- Born: 1962 (age 63–64) Memmingen, West Germany

= Jeanette Zwingenberger =

Jeanette Zwingenberger (born 1962 in Memmingen) is a Paris-based independent art curator and art historical scholar. She is a member of the International Association of Art Critics and a UNESCO member of the Advisory Committee on Works of Art (ACWA) and teaches at the Pantheon-Sorbonne University. Originally a scholar of Renaissance Art, Dr. Zwingenberger generally specializes in contemporary art and is author of more than thirty books and exhibition catalogues, on it.
She writes on art for Kunstmagazin, art press, L’œil and L'Observatoire de l'art contemporain. Zwingenberger has organized art exhibitions and interdisciplinary art programs on the topics of visual perception, hidden images, visual language, environments and cannibalism.

==Selected scholarly and curatorial achievements==
Overall, Zwingenberger has published 41 works in 84 publications in 3 languages and 1,075 library holdings.

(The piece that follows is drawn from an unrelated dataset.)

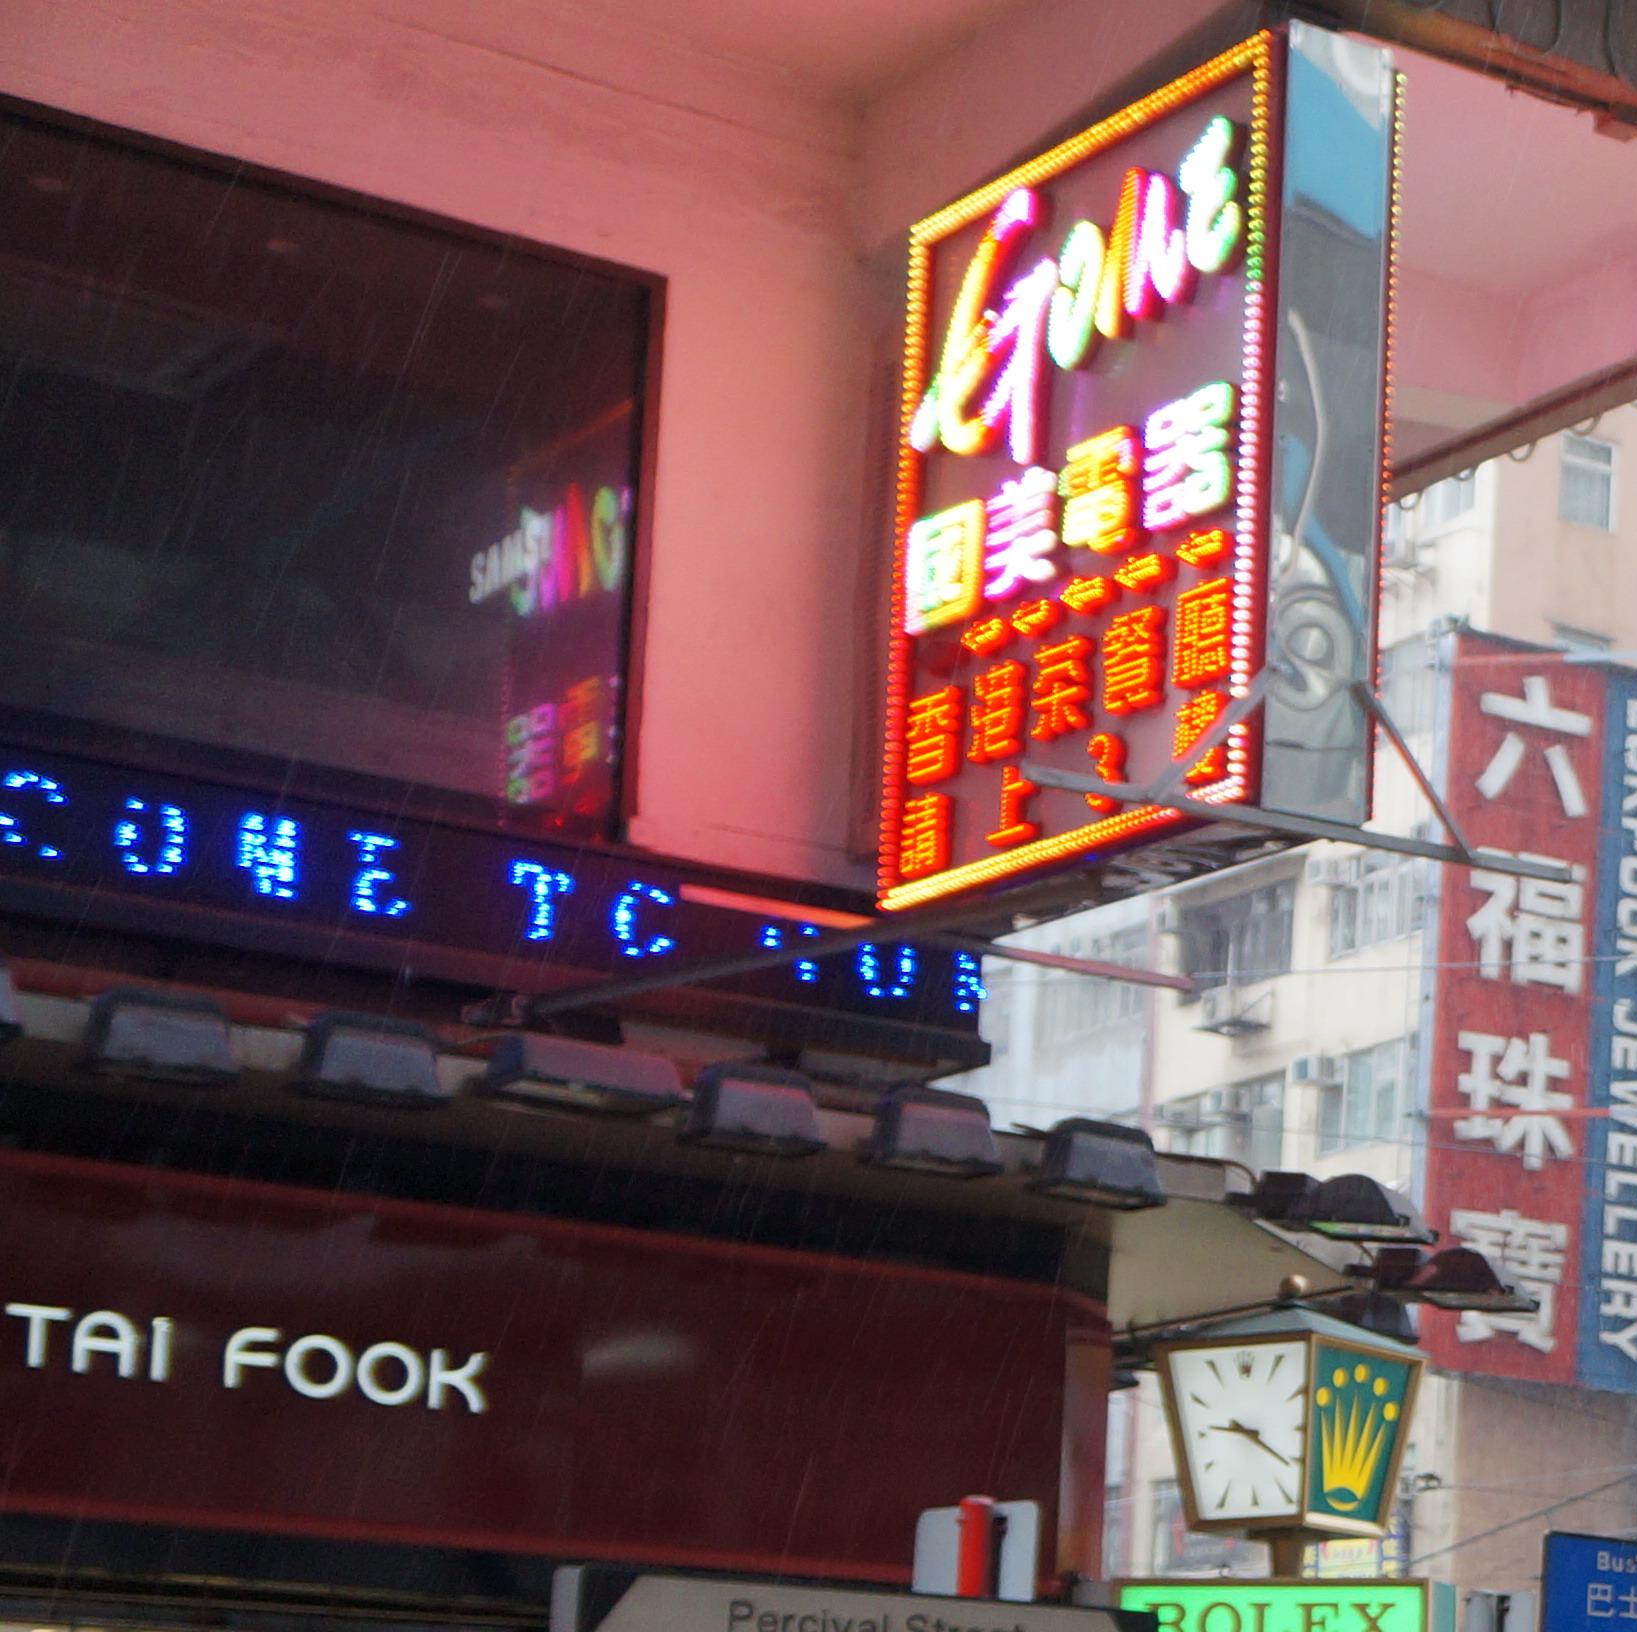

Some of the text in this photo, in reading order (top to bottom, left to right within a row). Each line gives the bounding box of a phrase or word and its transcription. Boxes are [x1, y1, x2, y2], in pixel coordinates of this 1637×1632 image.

Zwingenberger works with several private and public institutions including the Deutsches Museum (Munich), the Palais de Beaux-Arts (Lille), the Galeries nationales du Grand Palais (Paris), the Pavillon de l'Arsenal (Paris), the Fondation Hippocrène (Paris), La Maison Rouge (Paris), me Collectors Room Berlin, Berlin Stiftung Genshagen, Kunsthalle Dominikanerkirche (Osnabrück), 54th Biennale di Venezia (Venice), Moscow Museum of Modern Art, Artfactory (Istanbul), Galerie Priska Pasquer (Cologne), the Antarctic Biennale, The Foundation Agustín Fernández and curated by_vienna 2015.

Her book on Hans Holbein the Younger, The Shadow of Death in the Work of Hans Holbein the Younger (1999) is recommended for scholarly audiences by the Library Journal. She has also authored in 2019, Leonardo da Vinci, L’énigme des images published by In Fine Editions d’art in Paris.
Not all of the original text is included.